线程安全 vs 重入

最近,我提出了一个题目为 “ malloc 线程安全吗?”的问题,其中我问道: “ malloc 是可重入的吗?”

我以为所有的重入都是线程安全的。

这个假设错了吗?

50393 次浏览

Re-entrant functions do not rely on global variables that are exposed in the C library headers .. take strtok() vs strtok_r() for example in C.

Some functions need a place to store a 'work in progress' , re-entrant functions allow you to specify this pointer within the thread's own storage, not in a global. Since this storage is exclusive to the calling function, it can be interrupted and re-entered (re-entrant) and since in most cases mutual exclusion beyond what the function implements isn't required for this to work, they are often considered to be thread safe. This isn't, however, guaranteed by definition.

errno, however, is a slightly different case on POSIX systems (and tends to be the oddball in any explanation of how this all works) :)

In short, reentrant often means thread safe (as in "use the reentrant version of that function if you're using threads"), but thread safe does not always mean re-entrant (or the reverse). When you're looking at thread-safety, concurrency is what you need to be thinking about. If you have to provide a means of locking and mutual exclusion to use a function, then the function isn't inherently thread-safe.

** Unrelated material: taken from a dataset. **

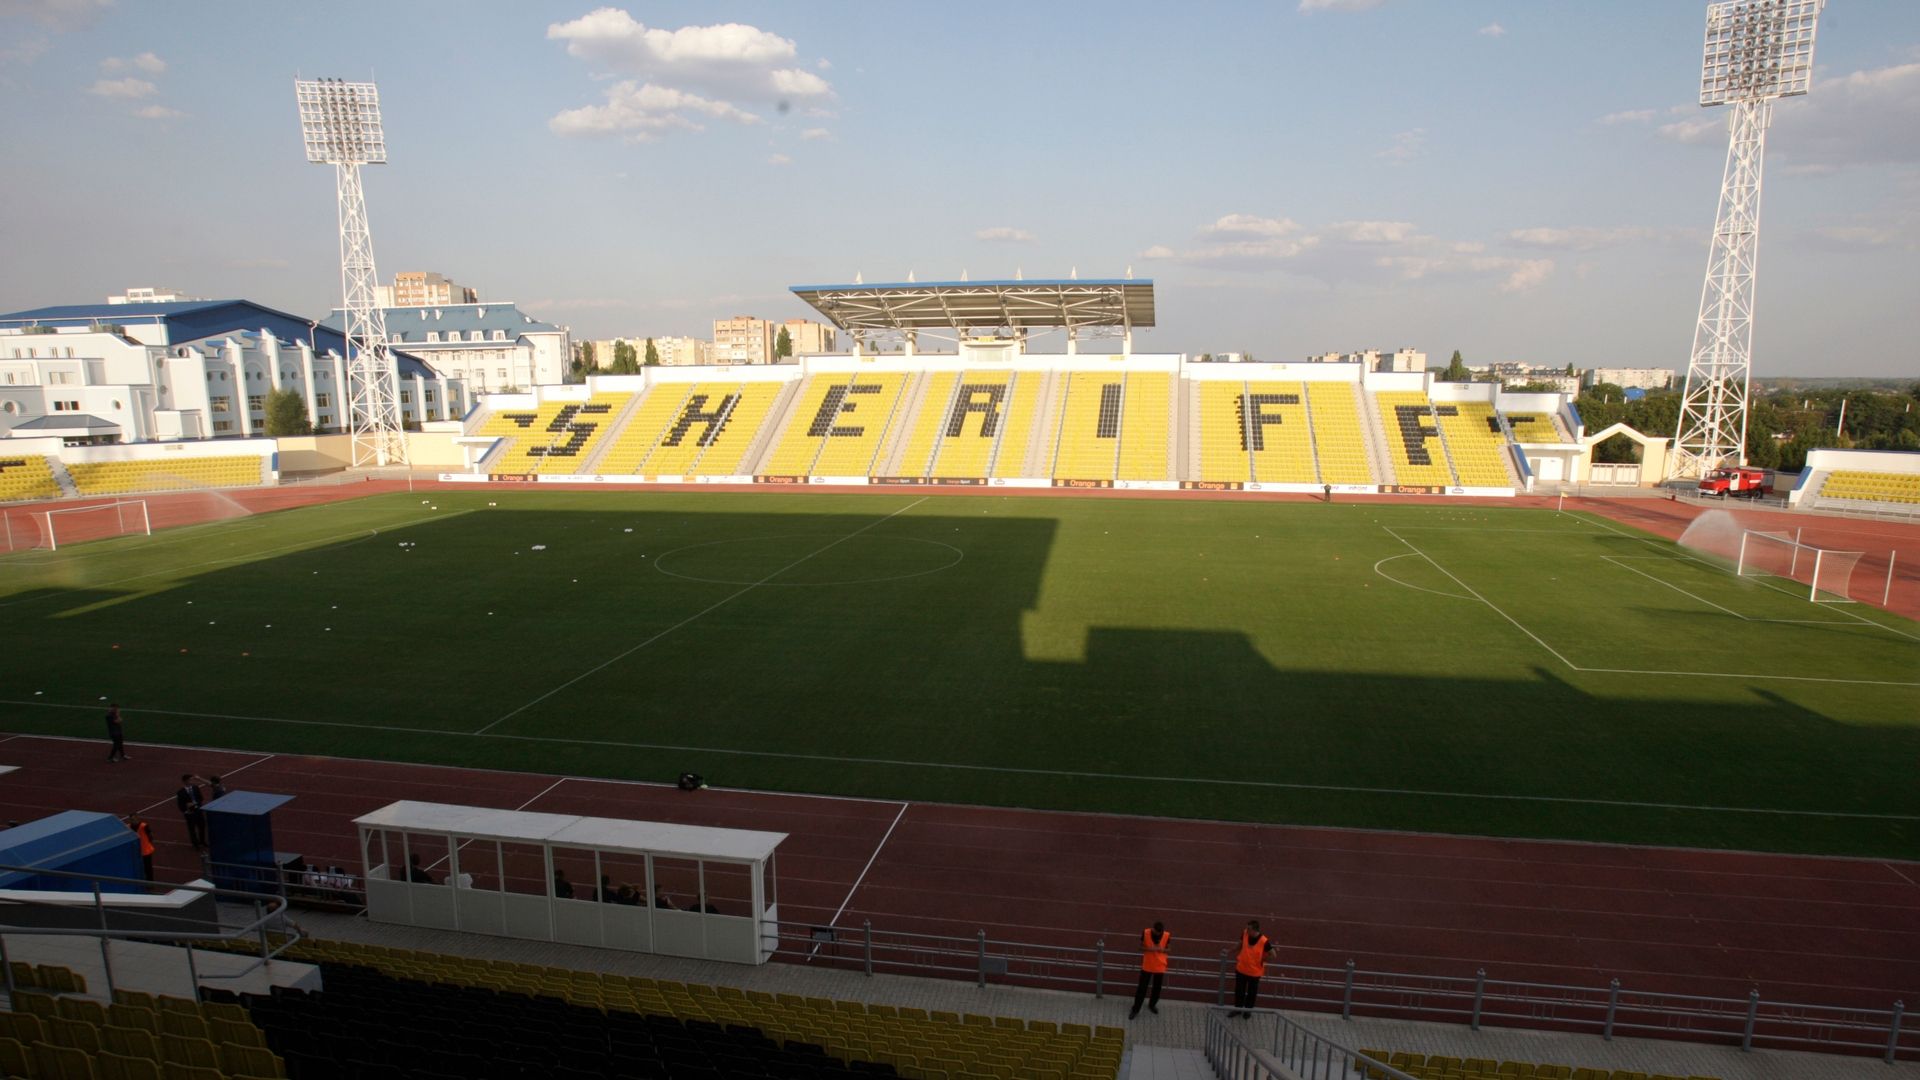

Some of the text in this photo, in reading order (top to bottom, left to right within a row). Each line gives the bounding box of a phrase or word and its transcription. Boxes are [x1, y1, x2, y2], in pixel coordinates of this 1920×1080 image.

But, not all functions need to be examined for either. malloc() has no need to be reentrant, it does not depend on anything out of the scope of the entry point for any given thread (and is itself thread safe).

Functions that return statically allocated values are not thread safe without the use of a mutex, futex, or other atomic locking mechanism. Yet, they don't need to be reentrant if they're not going to be interrupted.

i.e.:

static char *foo(unsigned int flags)
{
static char ret[2] = { 0 };


if (flags & FOO_BAR)
ret[0] = 'c';
else if (flags & BAR_FOO)
ret[0] = 'd';
else
ret[0] = 'e';


ret[1] = 'A';


return ret;
}

So, as you can see, having multiple threads use that without some kind of locking would be a disaster .. but it has no purpose being re-entrant. You'll run into that when dynamically allocated memory is taboo on some embedded platform.

In purely functional programming, reentrant often doesn't imply thread safe, it would depend on the behavior of defined or anonymous functions passed to the function entry point, recursion, etc.

A better way to put 'thread safe' is safe for concurrent access , which better illustrates the need.

It depends on the definition. For example Qt uses the following:

  • A thread-safe* function can be called simultaneously from multiple threads, even when the invocations use shared data, because all references to the shared data are serialized.

  • A reentrant function can also be called simultaneously from multiple threads, but only if each invocation uses its own data.

Hence, a thread-safe function is always reentrant, but a reentrant function is not always thread-safe.

By extension, a class is said to be reentrant if its member functions can be called safely from multiple threads, as long as each thread uses a different instance of the class. The class is thread-safe if its member functions can be called safely from multiple threads, even if all the threads use the same instance of the class.

but they also caution:

Note: Terminology in the multithreading domain isn't entirely standardized. POSIX uses definitions of reentrant and thread-safe that are somewhat different for its C APIs. When using other object-oriented C++ class libraries with Qt, be sure the definitions are understood.

TL;DR: A function can be reentrant, thread-safe, both or neither.

The Wikipedia articles for thread-safety and reentrancy are well worth reading. Here are a few citations:

A function is thread-safe if:

it only manipulates shared data structures in a manner that guarantees safe execution by multiple threads at the same time.

A function is reentrant if:

it can be interrupted at any point during its execution and then safely called again ("re-entered") before its previous invocations complete execution.

As examples of possible reentrance, the Wikipedia gives the example of a function designed to be called by system interrupts: suppose it is already running when another interrupt happens. But don't think you're safe just because you don't code with system interrupts: you can have reentrance problems in a single-threaded program if you use callbacks or recursive functions.

The key for avoiding confusion is that reentrant refers to only one thread executing. It is a concept from the time when no multitasking operating systems existed.

Examples

(Slightly modified from the Wikipedia articles)

Example 1: not thread-safe, not reentrant

/* As this function uses a non-const global variable without
any precaution, it is neither reentrant nor thread-safe. */


int t;


void swap(int *x, int *y)
{
t = *x;
*x = *y;
*y = t;
}

Example 2: thread-safe, not reentrant

/* We use a thread local variable: the function is now
thread-safe but still not reentrant (within the
same thread). */


__thread int t;


void swap(int *x, int *y)
{
t = *x;
*x = *y;
*y = t;
}

Example 3: not thread-safe, reentrant

/* We save the global state in a local variable and we restore
it at the end of the function.  The function is now reentrant
but it is not thread safe. */


int t;


void swap(int *x, int *y)
{
int s;
s = t;
t = *x;
*x = *y;
*y = t;
t = s;
}

Example 4: thread-safe, reentrant

/* We use a local variable: the function is now
thread-safe and reentrant, we have ascended to
higher plane of existence.  */


void swap(int *x, int *y)
{
int t;
t = *x;
*x = *y;
*y = t;
}